Poderão começar a ser consideradas a partir do momento em que se retomarem as atividades presenciais - porém deverão cumprir todas as regras oficiais de distanciamento e higiene em vigor à data, e ter um contexto e enquadramento adequados à situação:

  • Inexistência de ajuntamentos de grandes grupos durante as cerimónias (vigílias, Promessas / Investiduras);

  • Inexistência de ajuntamentos de grandes grupos nos momentos de festividade (lanches, festas, entre outros);

  • Adaptações dos cerimoniais de modo a respeitar as regras de distanciamento e higiene;

  • Eliminação de contactos pessoais, passagem de objetos entre pessoas (ex. cada um deve colocar o seu próprio lenço, bóina / chapéu, eliminar entrega / colocação individualizada de insígnias, eliminar cumprimentos pessoais e corredores de saudação);

  • Articulação previamente detalhada com o Assistente e todos os intervenientes na cerimónia;

  • Escolha adequada do espaço (interior ou exterior), e identificação das pessoas que nele poderão estar respeitando os distanciamentos;

  • Plano detalhado da participação do Agrupamento, comunidade e famílias, reduzindo fortemente o número de intervenientes e pessoas a assistir (ao número mínimo necessário).


PASSAGENS

(Deve manter-se o cumprimento do Regulamento Geral do CNE)

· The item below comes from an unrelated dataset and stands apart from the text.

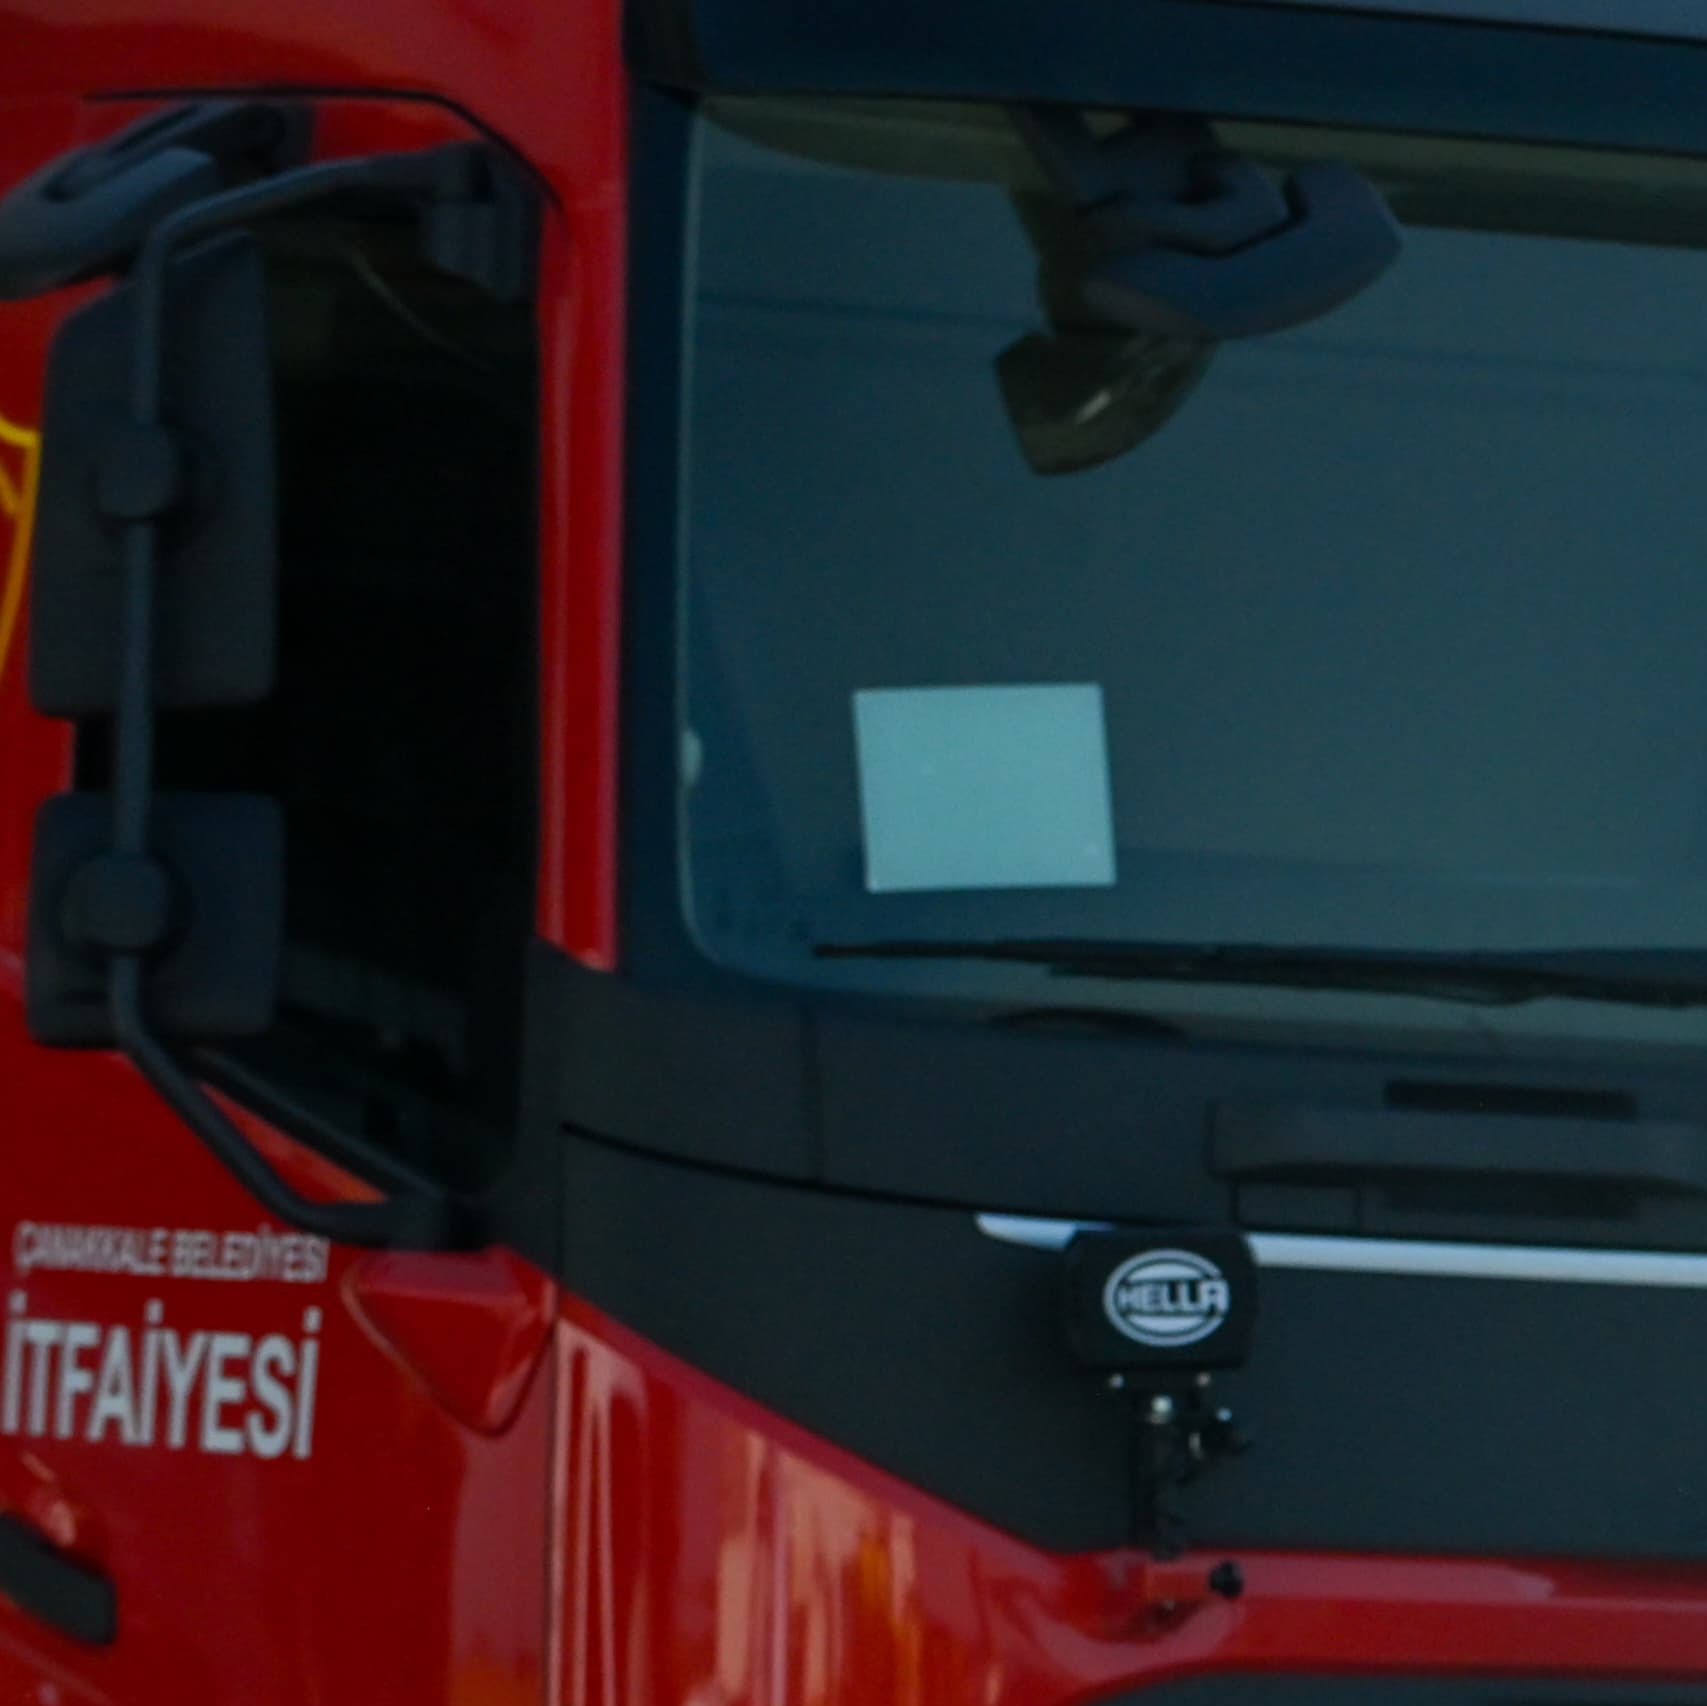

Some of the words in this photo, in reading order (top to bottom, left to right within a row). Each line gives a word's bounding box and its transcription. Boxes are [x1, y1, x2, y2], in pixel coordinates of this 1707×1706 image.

[13, 1220, 168, 1277] ÇANAKKALE
[1115, 1279, 1230, 1314] HELLA
[1, 1289, 322, 1460] İTFAİYESİ

As Passagens deverão ocorrer com o arranque do novo Ano Escutista de 2020-2021, a partir do início de outubro, respeitando na íntegra o percurso normal da vida do Escuteiro;

Não se deverão adiar as Passagens devido à situação existente (prolongando a vida do Escuteiro na unidade de onde deverá transitar no próximo ano escutista), situação que poderia gerar consequências futuras negativas na vida escutista dos elementos, Unidades e Agrupamentos.

As Passagens deverão ser:

  • Planeadas atempadamente, considerando vários cenários possíveis tendo em conta a situação de pandemia em curso, e adaptadas à situação possível na data habitual da sua realização;

  • Realizadas de acordo com regras específicas de distanciamento e higiene disponíveis à data (englobando a escolha adequada do espaço, grupos pequenos, cerimoniais adaptados às novas realidades).


PARTIDAS

(Deve manter-se o cumprimento do Regulamento Geral do CNE)

  • As Partidas também deverão ser realizadas no momento habitual da vida dos Agrupamentos, sendo planeadas atempadamente e cumprindo todas as regras oficiais de distanciamento e higiene em vigor à data, e ter um contexto e enquadramento adequados à situação;

  • Neste caso, cada situação deverá ser avaliada individualmente em função do percurso do elemento e do Clã, podendo existir ligeiras adaptações e alguma flexibilidade ao momento da Partida, sem nunca estender este momento por um período longo - por exemplo um ano escutista ou mais - o que acarretaria consequências pedagógicas e regulamentares negativas.


AÇÕES DIVERSAS

  • Aproveitar os períodos sem atividades presenciais para agir e investir na formação dos adultos para a utilização das ferramentas online do CNE: SIIE e SIIC, por ex.;

  • Aproveitar as oportunidades de formação online existentes;

  • Efetuar as compras de material e uniforme no DMF online, ou utilizar sistemas de envio e entrega de encomendas dos DMF locais, divulgando estas opções no Agrupamento e nas famílias;

  • Estar atento aos canais de comunicação do CNE e cumprir com as normas e procedimentos gerais emitidos pelos órgãos competentes;

  • Participar nas atividades nacionais disponíveis: Programa #escutismoemcasa

  • Deverão continuar a ser seguidas as indicações presentes na Circular 08-CN-2020, de 17 de março, onde se faz o esclarecimento sobre o enquadramento das ações de apoio à comunidade.

Nota: Aquando a leitura deste documento encontram-se subentendidas as nomenclaturas marítima e aérea. Da mesma forma, onde se lê Patrulha, deve-se ler Bando/Patrulha/Equipa e Tribo.